Having horses means providing the best care possible, including healthy food, good training, and plenty of room to run around. Horses are most often bred on stud farms, meaning that the horses will have access to large pieces of land, and while this is a good thing in terms of exercises and controlling stress, it also means that a horse might accidentally come across a plant that could cause it harm.
There are a lot of poisonous plants throughout the world, and many of them grow readily in open fields, often presenting as nothing more than a harmless weed. For those that want to keep their horses safe, it’s best to keep an eye out for the following poisonous plants.
1. The Nightshade Family
Many of the plants that are a part of the Nightshade family are dangerous to horses as well as humans. Black and bittersweet nightshade are two examples, but horse nettle is another one that can cause extensive damage to any horse that eats it.
Tomatoes and potatoes, too, are part of the Nightshade family, meaning that they should be removed from any paddocks as much as possible. An animal that eats the plant might suffer damage to their central nervous systems and eating more than a few kilograms can even lead to death. A loss of appetite, coordination, and dilated pupils are some signs of Nightshade poisoning.
2. Maple Leaves
Although it isn’t common knowledge, the leaves off of Maple Trees are extremely toxic and cause the kidneys to shut down if eaten by a horse in large quantities.
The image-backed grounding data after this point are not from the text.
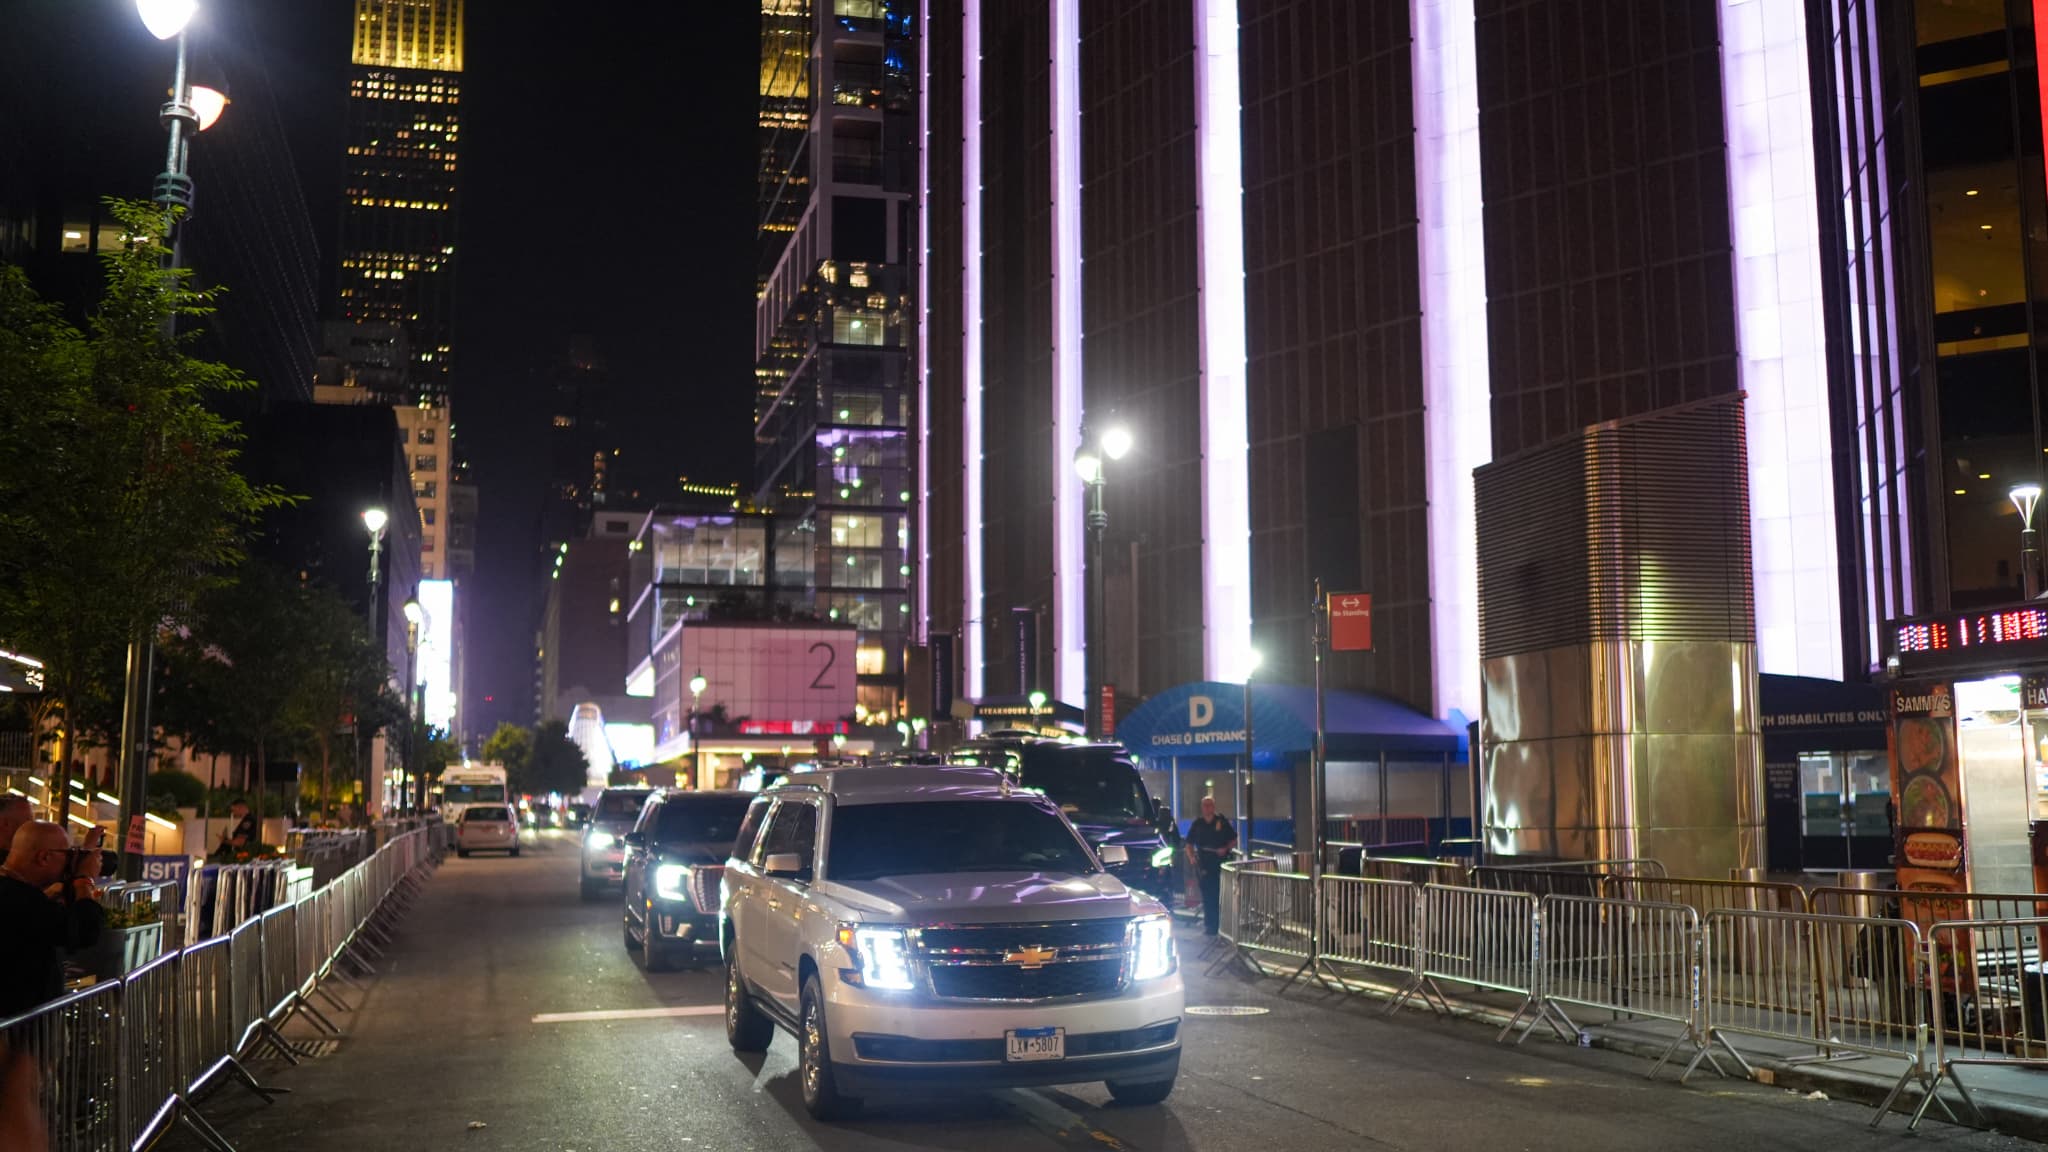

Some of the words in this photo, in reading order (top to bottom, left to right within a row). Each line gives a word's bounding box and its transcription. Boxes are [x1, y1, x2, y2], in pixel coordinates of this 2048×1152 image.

[809, 642, 836, 689] 2
[1896, 694, 1951, 712] SAMMY'S
[2027, 688, 2048, 705] HA
[1189, 696, 1214, 727] D
[1778, 712, 1855, 725] DISABILITIES
[1152, 734, 1182, 746] CHASE
[1195, 729, 1254, 744] ENTRANC
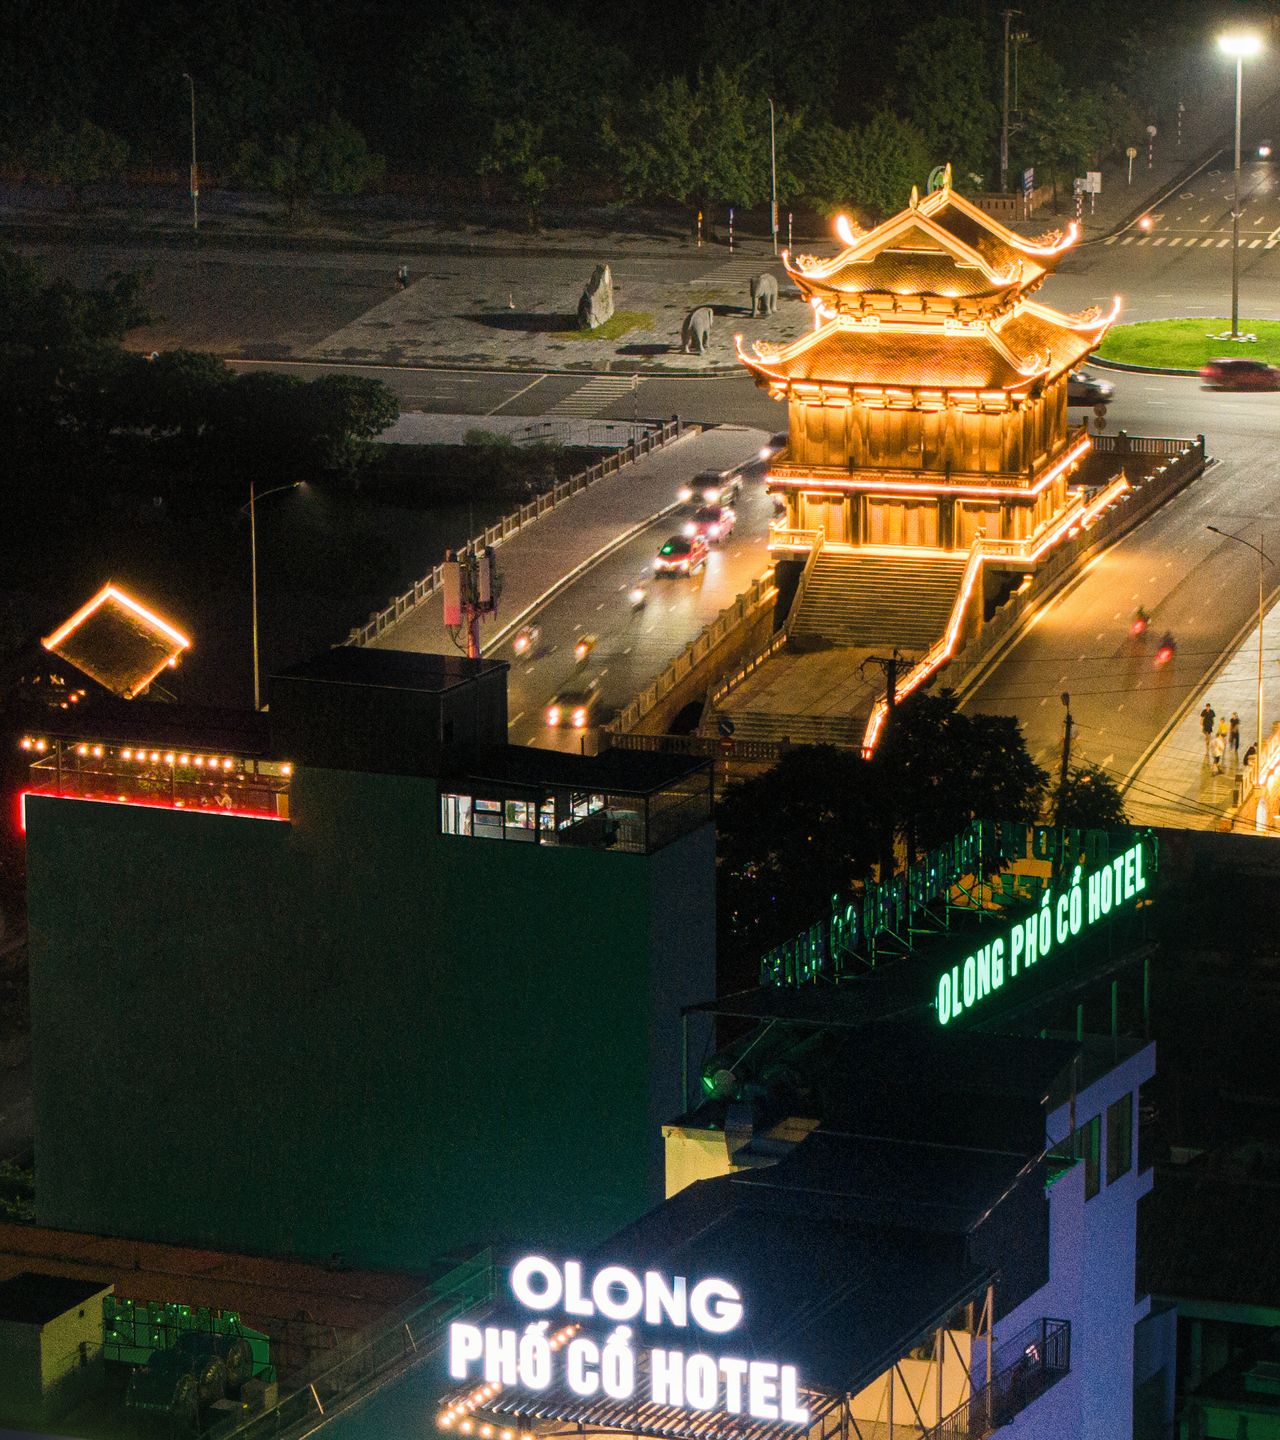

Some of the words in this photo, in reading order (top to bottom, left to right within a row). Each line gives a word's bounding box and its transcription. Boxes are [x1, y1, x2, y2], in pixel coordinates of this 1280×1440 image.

And it’s not just the fresh leaves that can cause problems, but even those that have fallen off of the tree and onto the ground.
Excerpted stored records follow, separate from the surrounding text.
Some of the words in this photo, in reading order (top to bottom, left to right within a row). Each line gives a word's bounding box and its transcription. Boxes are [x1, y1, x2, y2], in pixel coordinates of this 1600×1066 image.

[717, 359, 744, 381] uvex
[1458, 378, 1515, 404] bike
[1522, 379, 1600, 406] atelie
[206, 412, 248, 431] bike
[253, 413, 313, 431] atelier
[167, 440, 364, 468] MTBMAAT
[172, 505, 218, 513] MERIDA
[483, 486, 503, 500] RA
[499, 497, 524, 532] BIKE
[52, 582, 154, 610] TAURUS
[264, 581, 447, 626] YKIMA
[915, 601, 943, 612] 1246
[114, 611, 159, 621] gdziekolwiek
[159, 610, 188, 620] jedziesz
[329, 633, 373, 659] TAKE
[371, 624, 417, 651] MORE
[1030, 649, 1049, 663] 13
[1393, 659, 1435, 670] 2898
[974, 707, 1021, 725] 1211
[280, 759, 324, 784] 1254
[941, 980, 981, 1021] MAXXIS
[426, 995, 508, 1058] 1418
In fact, leaves can retain their toxicity for up to a month after falling. Some of the symptoms of maple leaf poisoning include increased heart rate, problems breathing, coma, and even just consuming a few kilograms can quickly cause a fatality.
Buttercups are not the most appealing plants to horses, and they will often avoid them completely even if they have access to them. Eating their leaves can cause irritation within the horse’s mouth, and they’ll quickly leave the rest.
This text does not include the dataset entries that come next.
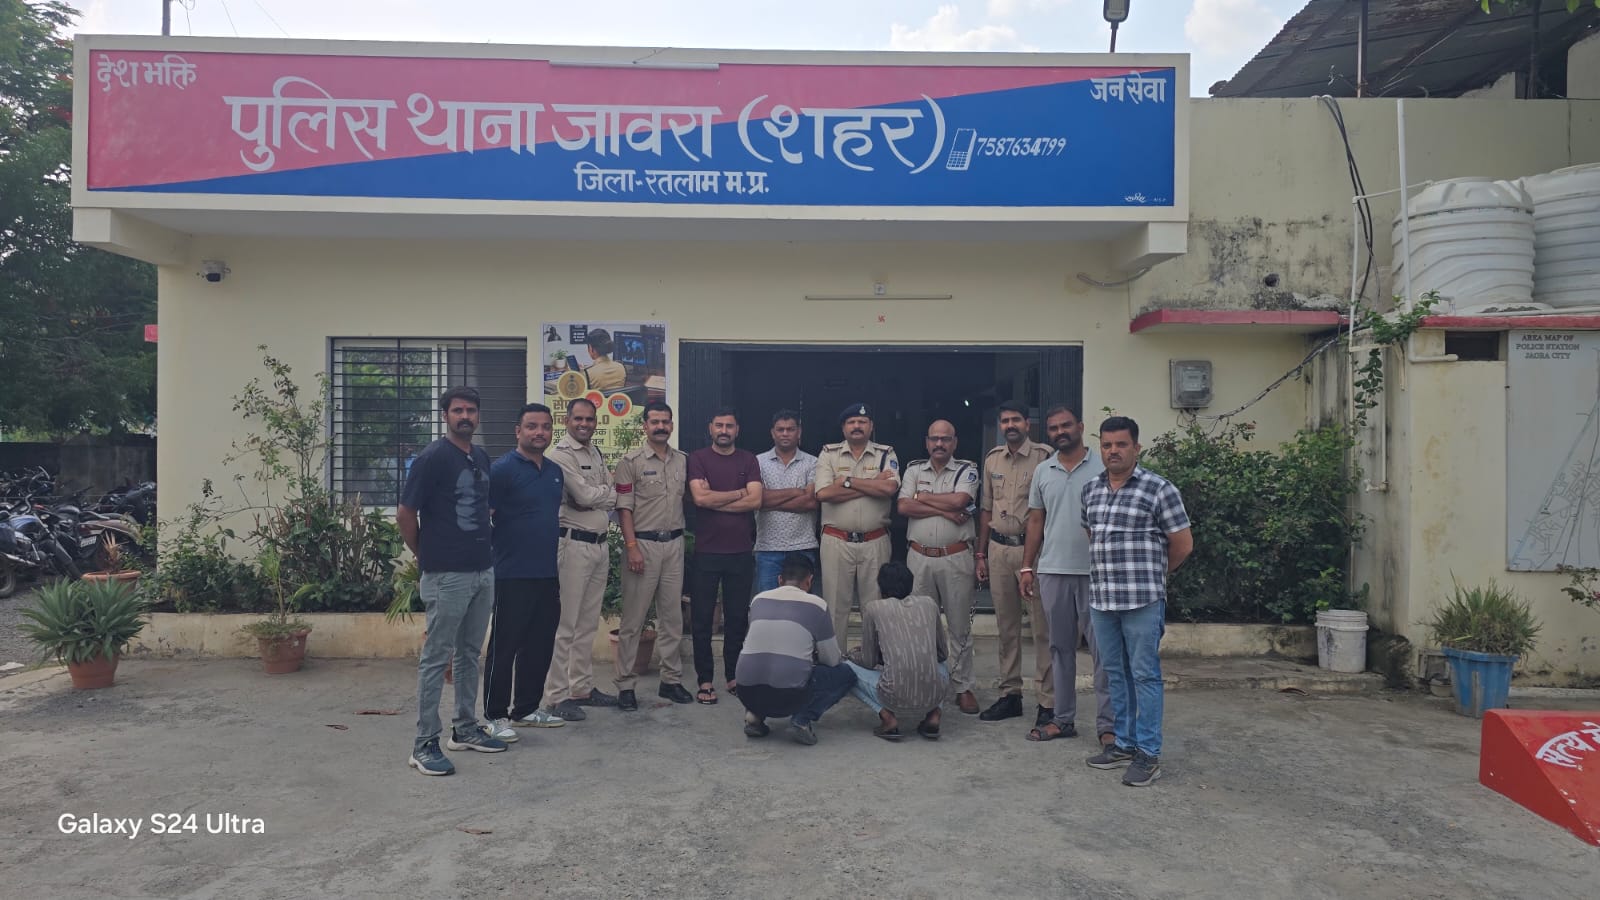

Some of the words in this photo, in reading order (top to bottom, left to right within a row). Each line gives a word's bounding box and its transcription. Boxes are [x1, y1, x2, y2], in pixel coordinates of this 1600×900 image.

[223, 75, 398, 172] पुलिस
[407, 92, 546, 156] थाना
[551, 102, 722, 162] जावरा
[737, 93, 946, 175] (शहर)
[977, 137, 1067, 157] 7587634799
[1521, 334, 1543, 342] AREA
[1544, 334, 1561, 342] MAP
[1563, 334, 1575, 342] OF
[1551, 352, 1572, 360] CITY
It’s worth noting that the leaves are only toxic when eaten fresh, but once they have been sufficiently dried into hay, they lose their toxicity completely, and the owner can spend their money on their favourite games and claiming a NZ casino bonus rather than vet bills.
This plant is fairly unique plant with purple and white flowers as well as seed capsules that are covered in sines. The entirety of the plant is not edible for either humans or horses and should be avoided at all costs. A horse that has consumed
Jimsonweed will have a fast pulse, dilation of the pupils, an extremely dry mouth, seizures, and may fall into a coma. While does is not that common, it’s still possible if the animal eats enough.